この野外実験には、遺伝子組換えイネが周辺の農家の一般のイネと交雑する、いわゆる遺伝子汚染の問題や風評被害の問題など沢山の問題がありますが、最大の問題は何と言っても、ディフェンシンという殺菌作用を持つタンパク質を常時生産する今回の遺伝子組換えイネにより、その耐性菌(ディフェンシン耐性菌)が出現し、外部に流出・伝播する可能性があり、それが地球の生態系と人の健康に深刻な影響を及ぼす危険性があるという問題です。

 以下、このディフェンシン耐性菌の問題について、説明します。

1、今回の遺伝子組換えイネの実験の概要

 新潟県上越市の中心部にある北陸研究センター(農水省の元研究機関。現在は独立行政法人「農業・生物系特定産業技術研究機構」の一部門)では、昨年2005年から、遺伝子組換えイネの野外実験が地元住民と自治体の反対を押し切って強行され、そこで、その中止を求めて反対市民から裁判が起こされました。

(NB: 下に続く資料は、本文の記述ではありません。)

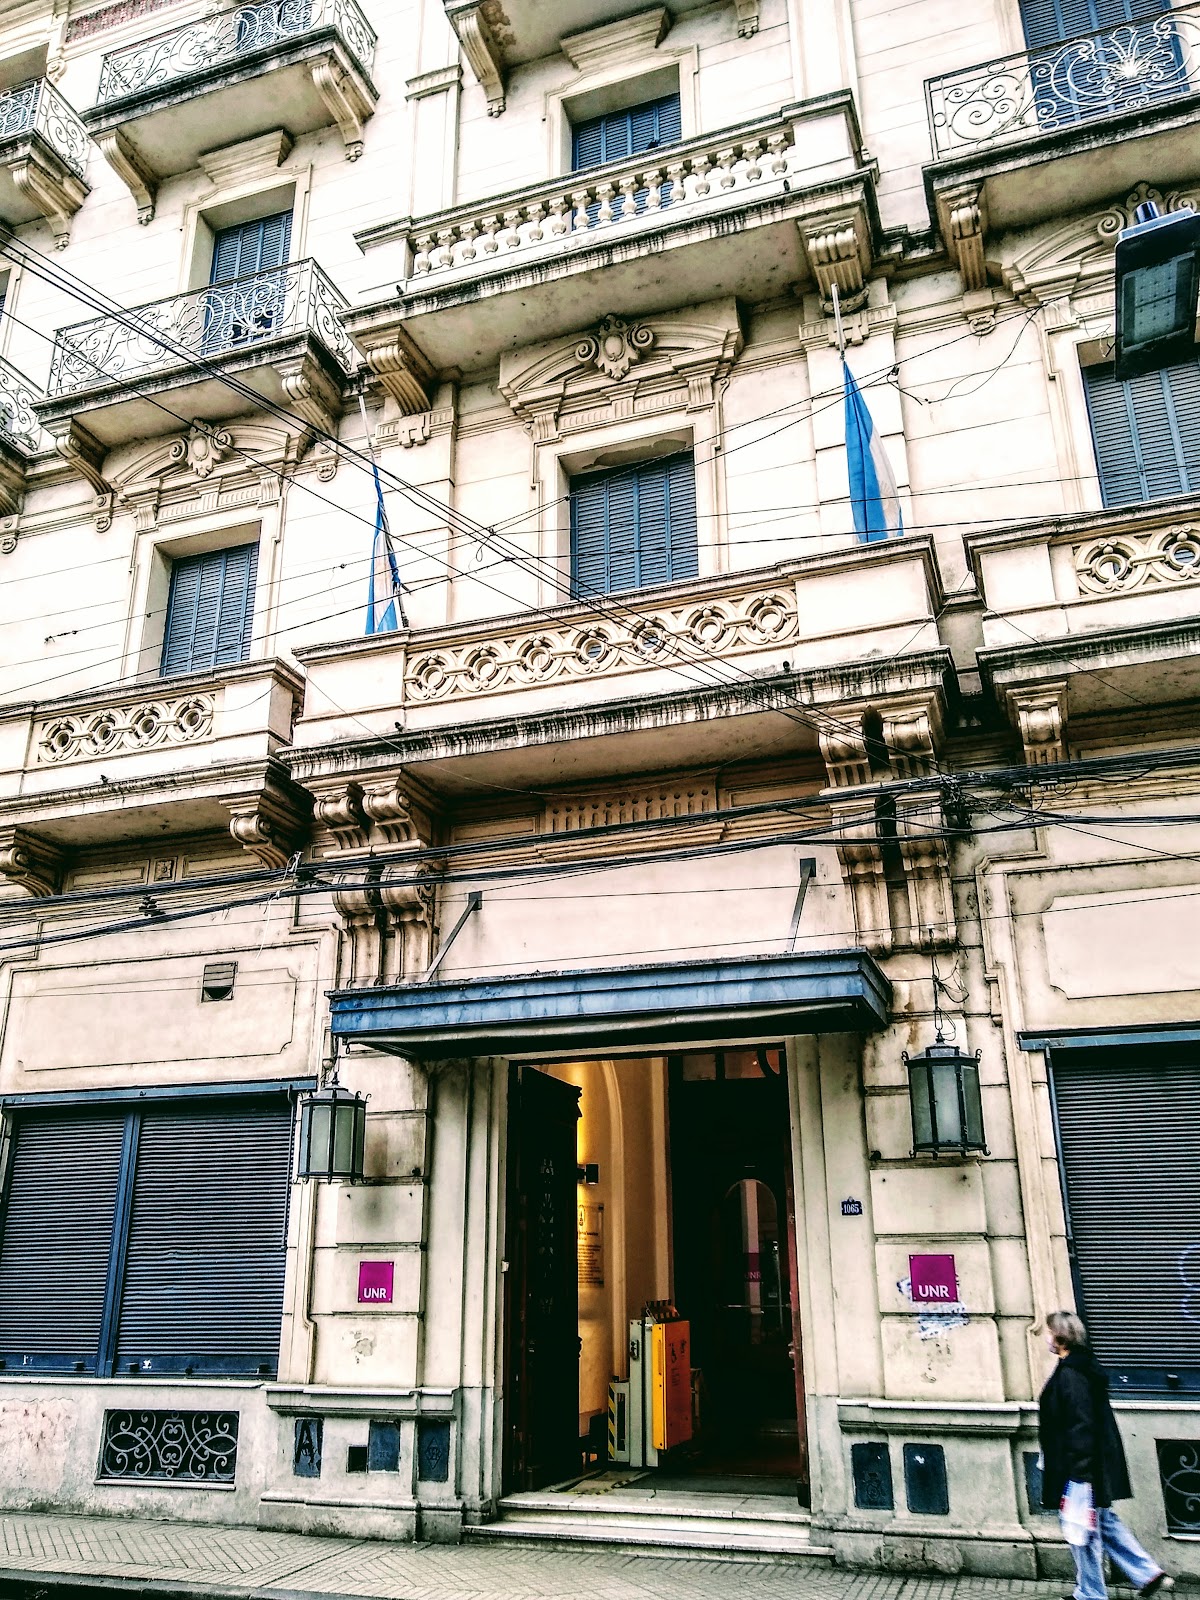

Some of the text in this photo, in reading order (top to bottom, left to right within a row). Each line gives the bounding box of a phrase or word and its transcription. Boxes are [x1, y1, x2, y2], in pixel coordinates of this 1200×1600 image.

[844, 1203, 860, 1214] 1065
[363, 1287, 387, 1299] UNR
[918, 1284, 950, 1298] UNR

ここでは、この実験の最大の問題であるディフェンシン耐性菌について述べます。

 人も含めてすべての動植物はディフェンシンという殺菌作用を持つ蛋白質を持っています。そして、ディフェンシンはディフェンシン遺伝子から作られます。今回の実験は、そのディフェンシン遺伝子をカラシナという植物から取り出して、それをイネの遺伝子に組み込んで常時ディフェンシンを生産するようにしたものです。これでなにがうれしいかというと、その大量のディフェンシンにより、イネの病害であるいもち病や白葉枯病の病原菌を殺菌できるからです。その上、これまでみたいに大量の農薬を使わずに、なおかつ農薬の散布・管理といった手間もかけずにイネ自身の手で自動的に、複数の病原菌を退治してしまおうというもので、環境に優しくて、おまけに経済的効率もいいという、これぞ錬金術のような画期的な発明品!というのが開発側のうたい文句です。

2、今回の実験の落とし穴

 開発側の歓声にもかかわらず、この実験には重大な陥穽がありました。それは、環境に優しく、なおかつ経済的効率抜群という錬金術のようなお話も、実は、殺菌作用を持つディフェンシンを常時生産して、常時、イネから放出して病原菌を殺菌しまくる、という至って単純なカラクリでしかないからです。それは、イネ自身の手で殺菌作用を持つタンパク質を散布するという点だけが新しく、それ以外は農薬の大量散布という従来の仕組みと比べて何の進歩もありません。従って、農薬の大量散布に対して、病原菌、昆虫、雑草が農薬に対する耐性を獲得した(農薬で死ななくなる)ように、この実験によっても、早晩、病原菌がディフェンシンに対する耐性を獲得することが予想されました。

 ところが、ディフェンシンに対する耐性を獲得した病原菌(以下、ディフェンシン耐性菌と言います)は、農薬に対する耐性を獲得した病原菌、昆虫、雑草などと比べて、次の節で述べるように、人の健康、生態系全体に深刻な影響を及ぼす可能性があり、その問題が世界中の研究者の間で憂慮されています。

 事実、既に、室内実験でディフェンシン耐性菌が出現したという外国の報告例があり、北陸研究センターの実験チームもこのことを知っていて、自分たちの論文に堂々と記載すらしていました。

3、ディフェンシン耐性菌の危険性について

 最近の「抗菌」グッズの流行で、抗菌作用を持つディフェンシンも脚光を浴びるようになりましたが、その研究は始まったばかりで、まだ分からないことが多いといわれます。

 今、次第に明らかになってきたのは、ディフェンシンは動植物が病原菌から身を守る生体防御の最初の防壁(皮膚・粘液層・細胞壁)で殺菌の働きをするもので、感染予防の第一線で大きな役割を果たしているタンパク質だということです。また、エイズに感染しながら長期間発症しない人がいるのですが、それはα-ディフェンシンを作ってエイズウィルスの活動を押さえていることが最近の研究で明らかにされました。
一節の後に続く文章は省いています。